(Exercise description): Your task is to return all of the entries below exactly, leaving out each picture.

Task inputs Block Start

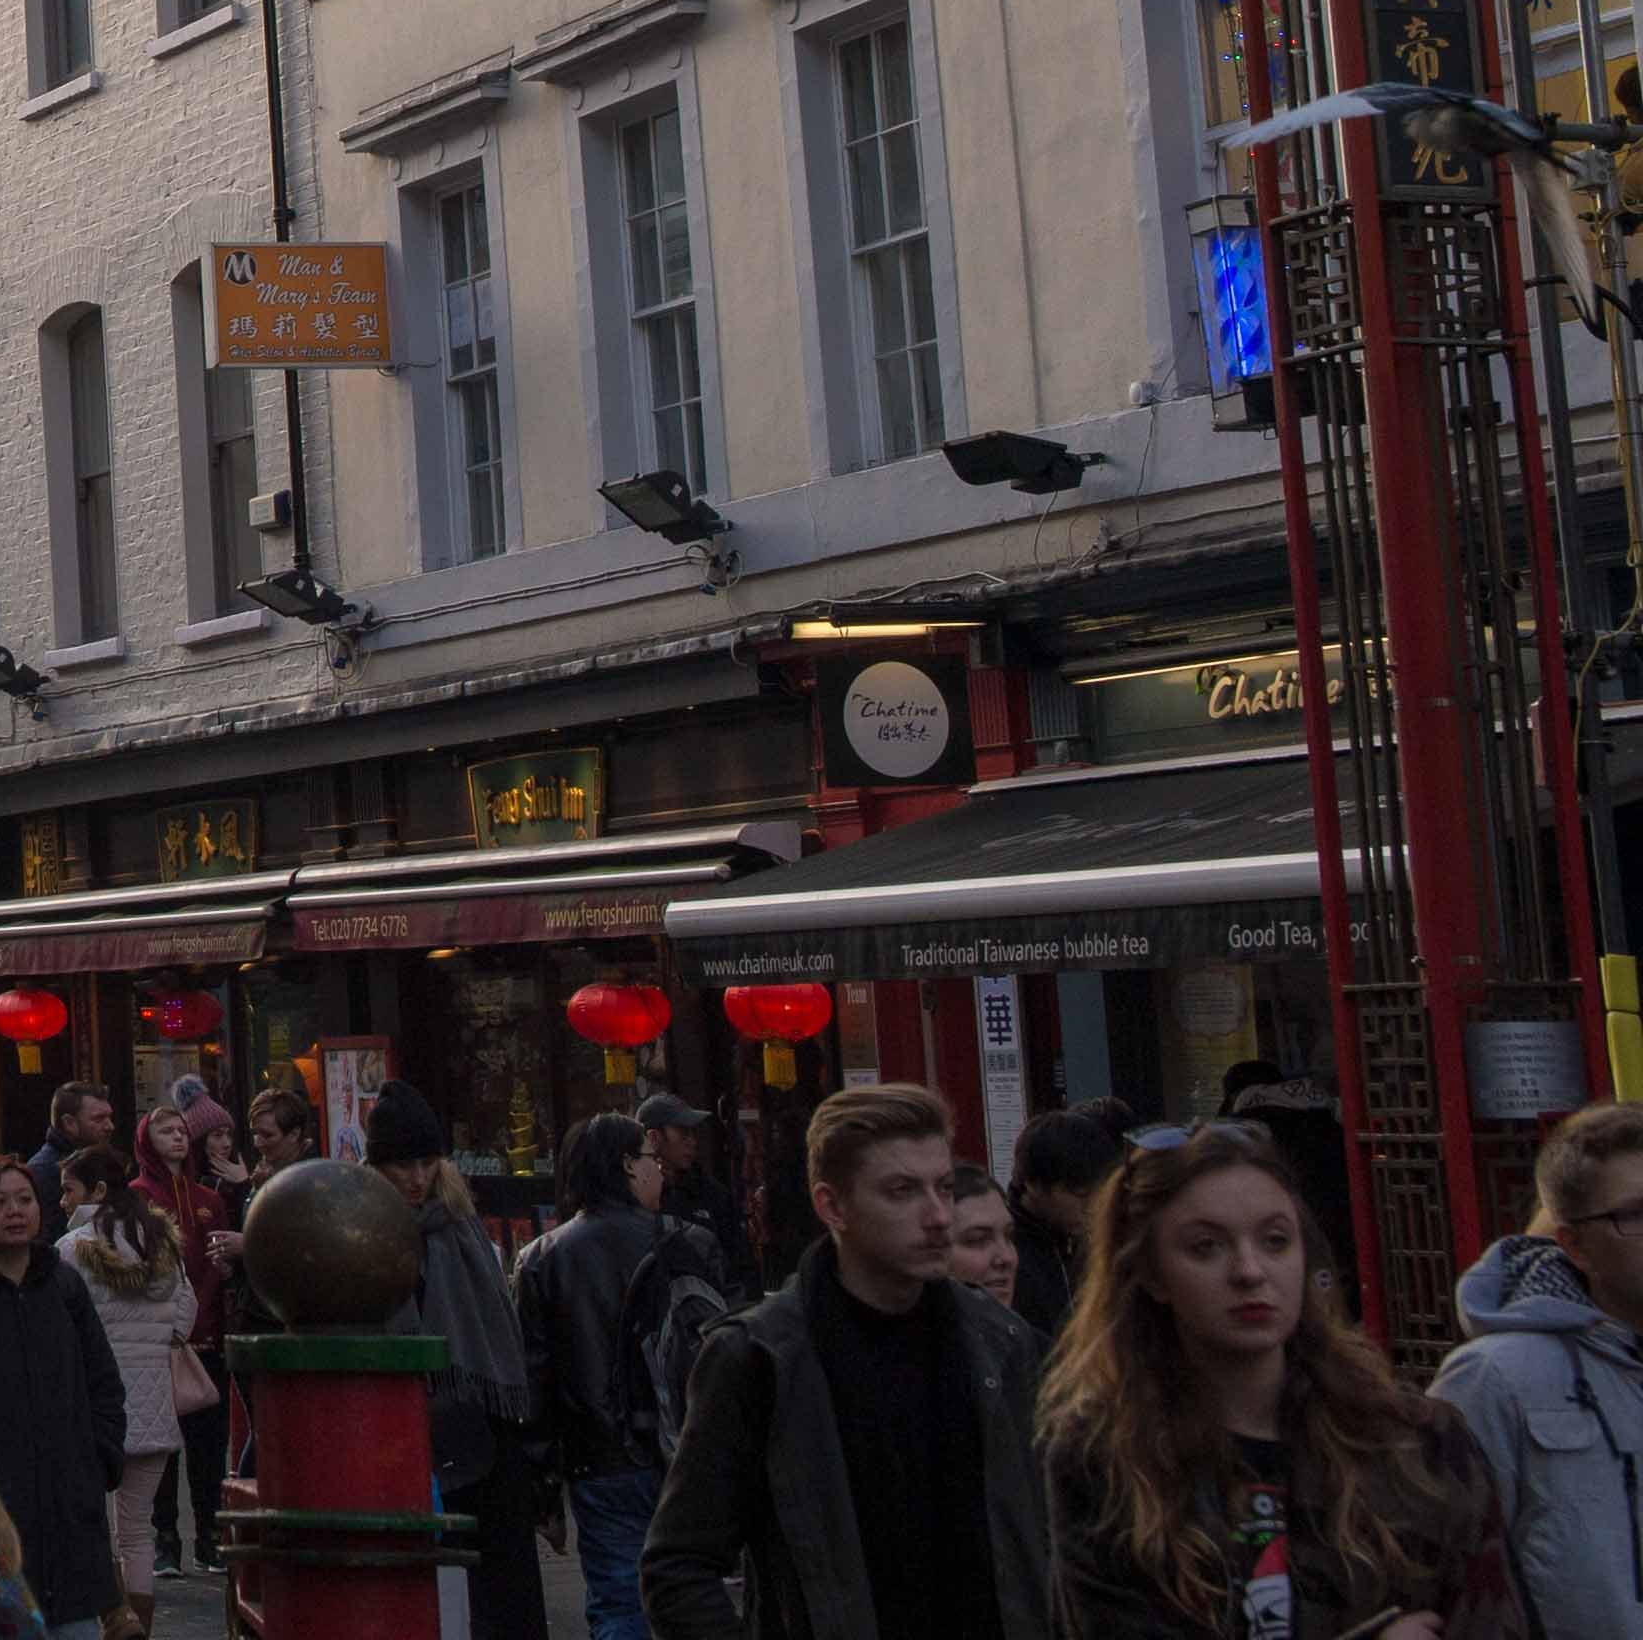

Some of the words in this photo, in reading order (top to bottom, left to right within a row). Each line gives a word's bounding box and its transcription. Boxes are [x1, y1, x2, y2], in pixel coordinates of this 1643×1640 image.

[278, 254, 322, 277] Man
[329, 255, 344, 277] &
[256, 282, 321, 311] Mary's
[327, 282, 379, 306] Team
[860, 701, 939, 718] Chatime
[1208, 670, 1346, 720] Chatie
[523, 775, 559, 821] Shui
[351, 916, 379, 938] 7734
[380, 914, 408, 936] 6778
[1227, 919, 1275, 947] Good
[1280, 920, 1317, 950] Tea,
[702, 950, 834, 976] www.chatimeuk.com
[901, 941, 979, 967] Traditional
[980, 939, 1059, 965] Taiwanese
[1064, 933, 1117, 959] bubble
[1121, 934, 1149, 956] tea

Task inputs Block End

(Solution):
Some of the words in this photo, in reading order (top to bottom, left to right within a row). Each line gives a word's bounding box and its transcription. Boxes are [x1, y1, x2, y2], in pixel coordinates of this 1643×1640 image.

[278, 254, 322, 277] Man
[329, 255, 344, 277] &
[256, 282, 321, 311] Mary's
[327, 282, 379, 306] Team
[860, 701, 939, 718] Chatime
[1208, 670, 1346, 720] Chatie
[523, 775, 559, 821] Shui
[351, 916, 379, 938] 7734
[380, 914, 408, 936] 6778
[1227, 919, 1275, 947] Good
[1280, 920, 1317, 950] Tea,
[702, 950, 834, 976] www.chatimeuk.com
[901, 941, 979, 967] Traditional
[980, 939, 1059, 965] Taiwanese
[1064, 933, 1117, 959] bubble
[1121, 934, 1149, 956] tea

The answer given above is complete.